Google announced that it is officially killing last-click attribution at Marketing Next 2017, the companies annual event to promote ad products, analytics, and Double Click. Google launched Google Attribution, the companies new product which uses machine learning to assign a weighted value to every different touch point along the consumer’s path to purchase.
Last-click model used by digital marketers gives the last-click credit for sale or conversion. With the convergence of offline and online channels, the model was always debated to be not suitable when it comes to evaluating media effectiveness. With this new attribution model, the goal is to bring in more efficiency when it comes to media spends across channels and devices. For instance, if the last click before purchase from Google search, an earlier e-mail campaign may also get its share of credit. Machine learning will enable the brand to build a better prediction model as it learns by weighting a set of points and learns how likely a user is to purchase something.

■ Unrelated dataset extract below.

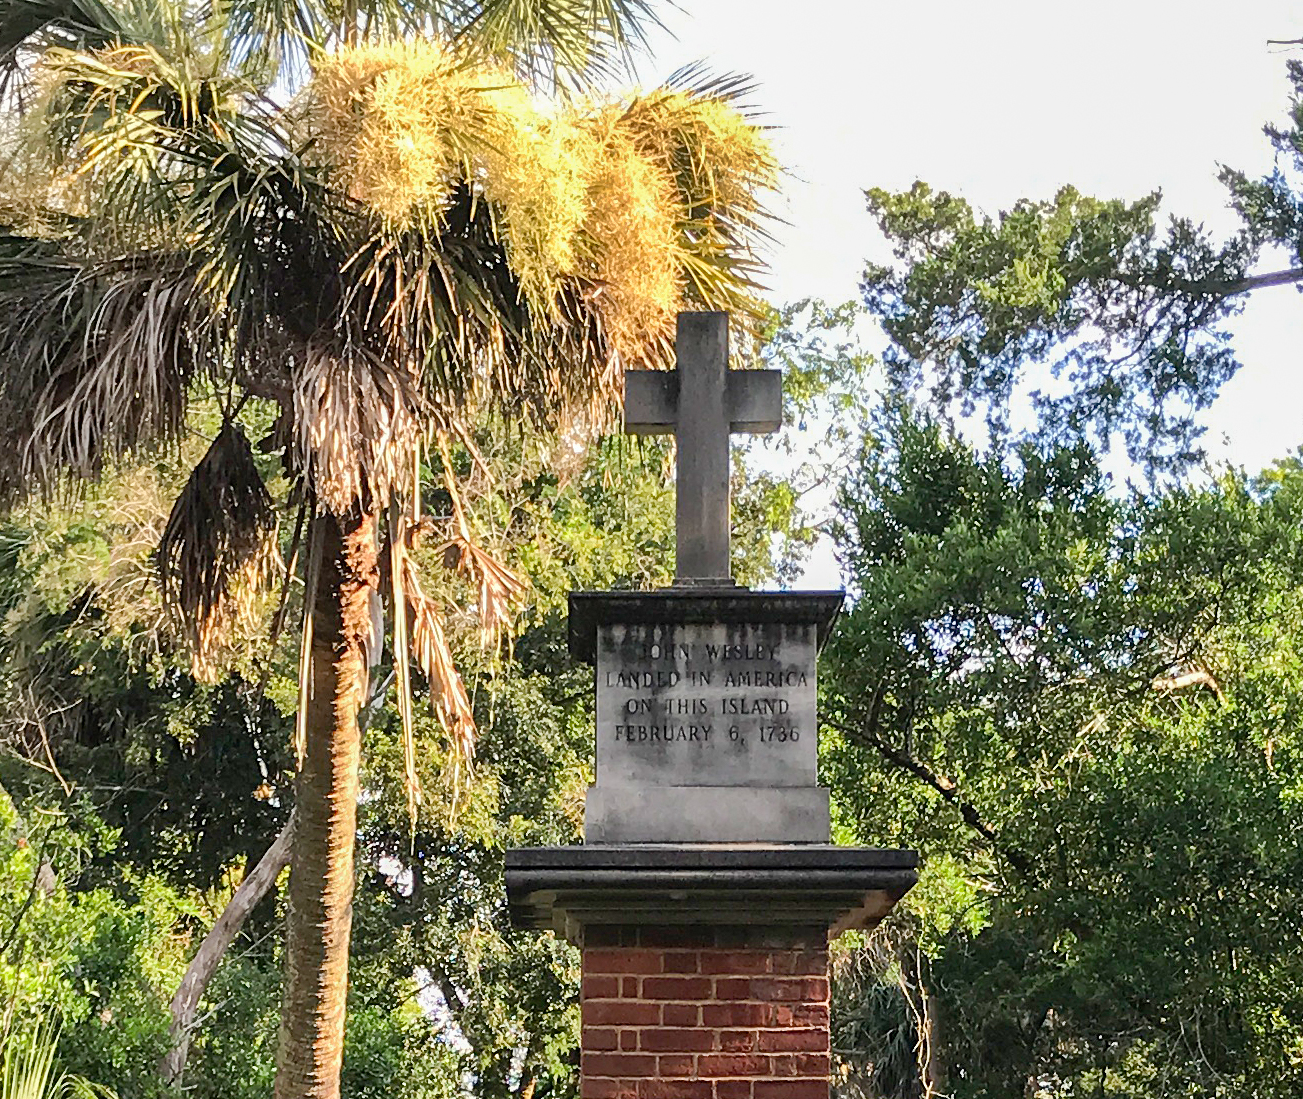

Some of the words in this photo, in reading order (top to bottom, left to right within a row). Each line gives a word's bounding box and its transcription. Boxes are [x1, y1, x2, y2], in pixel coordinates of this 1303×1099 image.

Machine learning has already made inroads into marketing with use-cases that range from pattern recognition to predicting and forecasting trends. Machine learning is not the same as Artificial Intelligence. ML, unlike AI, doesn’t try to surpass human intellect or develop cognitive abilities. ML is focused on optimizing certain problems – solving processes. As the late American pioneer, Arthur Samuel said: “Machine learning gives computers the ability to learn without being explicitly programmed.”
Target a leading discount chain retailer in the United States was among the first brands to use machine learning to identify buying patterns and behaviors using existing data. The brand was able to determine a teenager’s pregnancy before her parents as machine learning examined the shopping history and started giving context to past purchases from the customer. Based on the shopping behavior of the customer the team at Target was able to arrive at the conclusion that the girl was pregnant.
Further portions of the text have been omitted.